Post » Tue Apr 19, 2016 12:21 am

So it occured to me that restoration and necromancy could be thought of as just one school, working in opposite directions, with each end meeting at the same goal, which is to erase the effects of time on the body and to maintain the unity of its soul / life force / whatever.


I like to think of them as one school mainly because they are pretty much equal in how well they achieve their goal, which is always somewhat imperfectly. I remember in the story where the Emperors son duals the Potentate's son, his gaping wound is tended to immediately and healed. But after the attempted assassination of Emperor Reman III as told in Hearth Fire Book Nine of 2920, "despite the best healders in the Empire, it ( the Emperor's wound) was still a ghastly souvenir..." So there are limitations to restoration.

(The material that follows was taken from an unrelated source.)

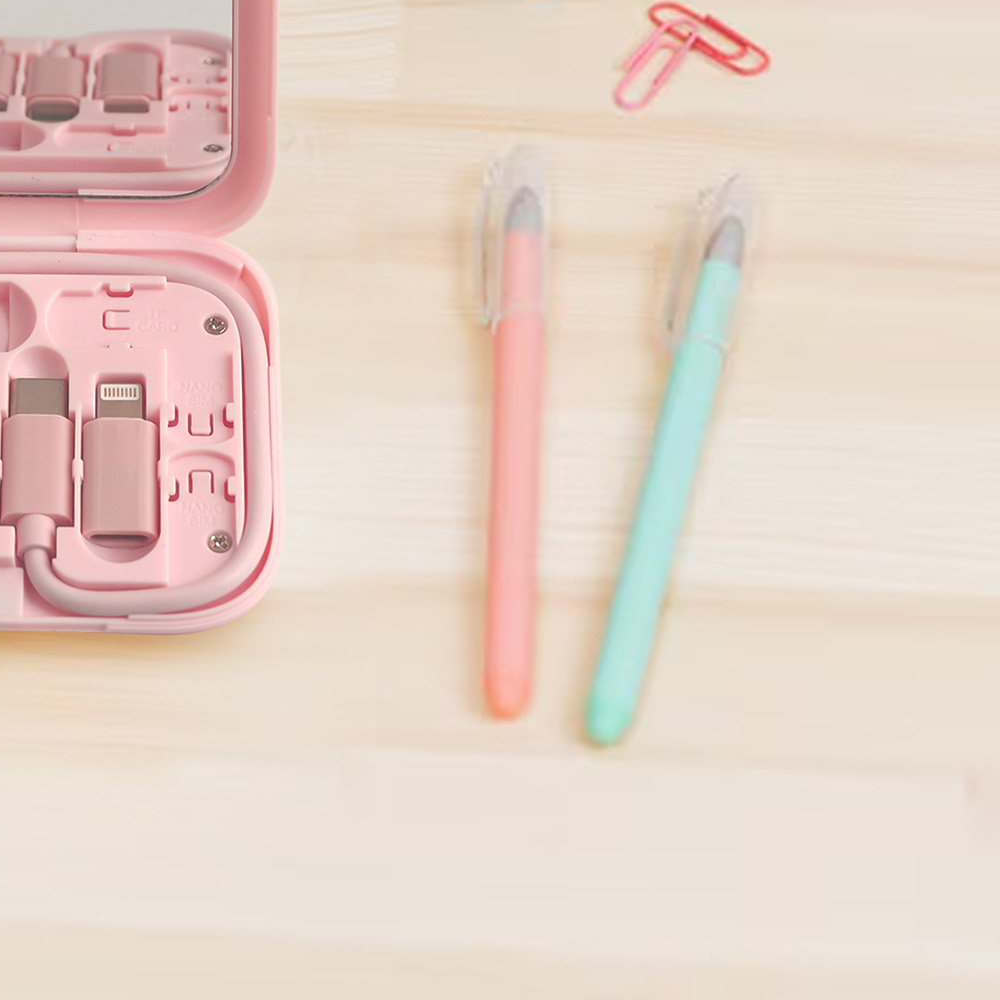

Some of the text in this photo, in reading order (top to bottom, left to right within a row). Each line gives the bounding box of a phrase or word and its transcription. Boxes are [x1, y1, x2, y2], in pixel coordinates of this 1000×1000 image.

[180, 381, 222, 393] NANO
[188, 394, 215, 406] SIM
[181, 501, 223, 514] NANO
[189, 515, 216, 527] SIM

Likewise, even the most skilled necromancer can only achieve a semblance of life, but can never fully restore what has been lost. We see this in The Exodus, where the daughter is indeed brought back to life, but only as a doll-like apparition (I remember the parents are horrified).


Another link between the two schools is that both Arkay and Mannimarco are said to be mortals who achieved their own divinity. In believe this represents our potential to actually attain, at least partially, the goals of both the restoration and necromancy schools; or more accurately, the restoration and necromacy schools now exist seperately as they do because our knowledge is them is incomplete.

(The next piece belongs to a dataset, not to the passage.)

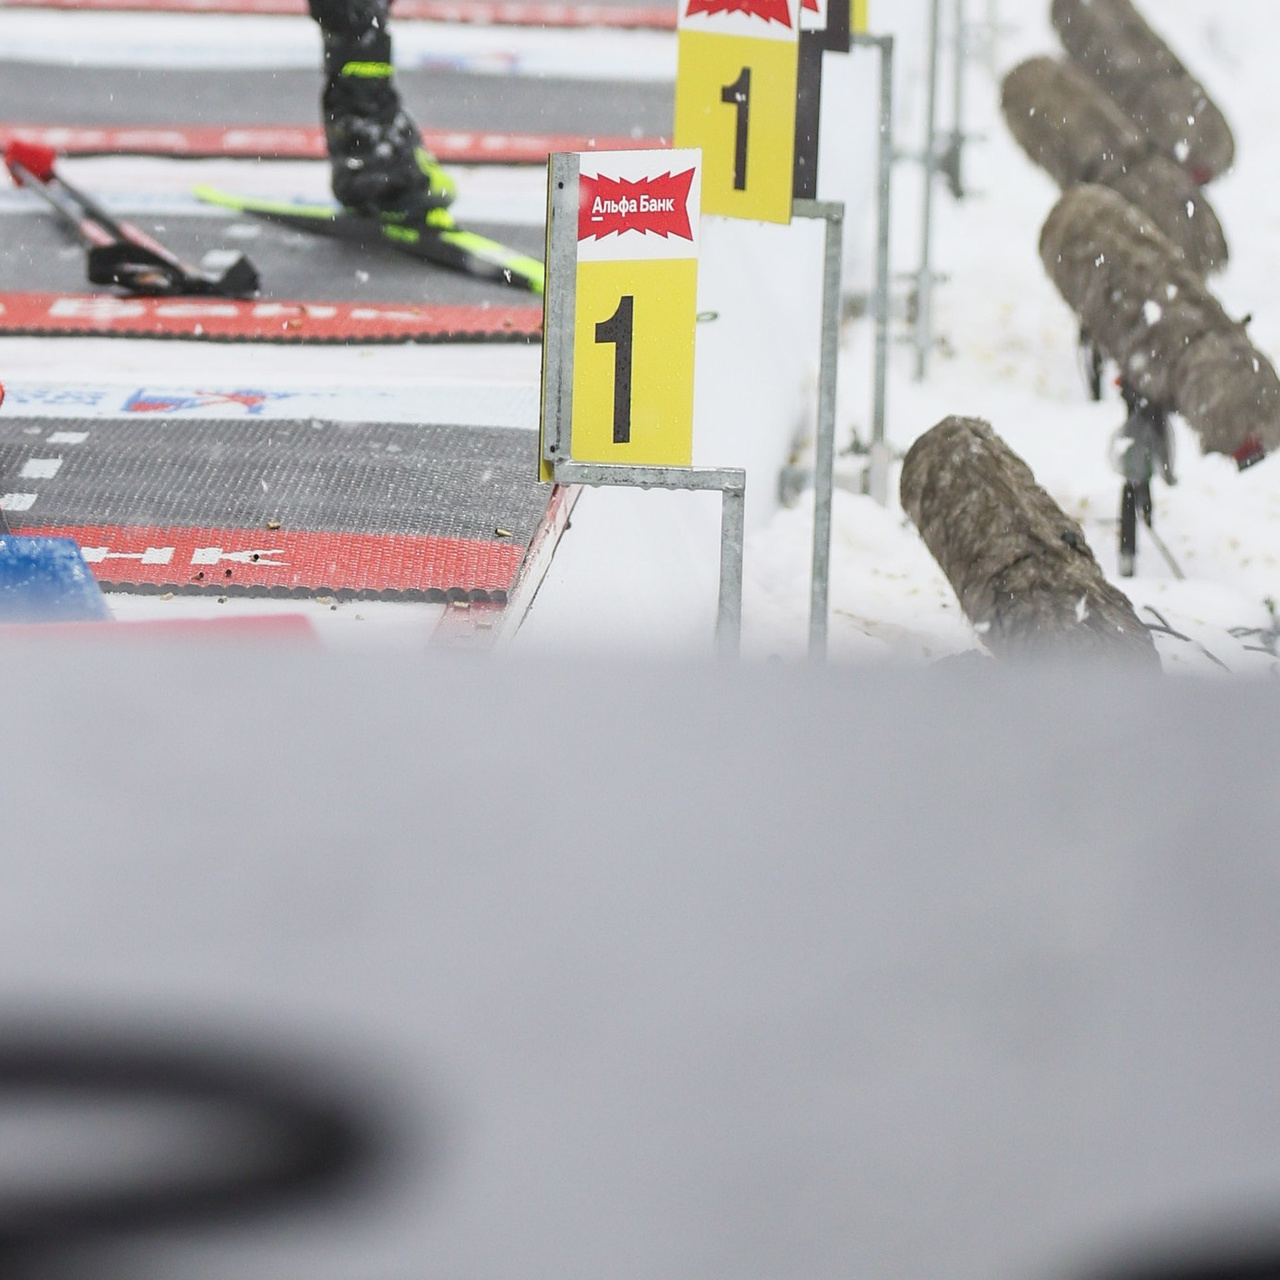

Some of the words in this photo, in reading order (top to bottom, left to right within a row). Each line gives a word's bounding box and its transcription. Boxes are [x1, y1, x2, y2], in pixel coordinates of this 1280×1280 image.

[721, 66, 750, 190] 1
[591, 195, 637, 221] Альфа
[639, 194, 674, 213] Банк
[595, 295, 634, 444] 1

To me, Arkay represents our potential to rid ourselves of disease, injury and general imbalance. I believe Mannimarco represents a much more ambitious, though no less noble goal, which is the overcoming of the barrier of death itself, though this may require the sacrifice of other, lesser life. This does not sound as bad as it seems, because smaller life forms can adapt and trasforms to suit itself to its host in mutually beneficial ways.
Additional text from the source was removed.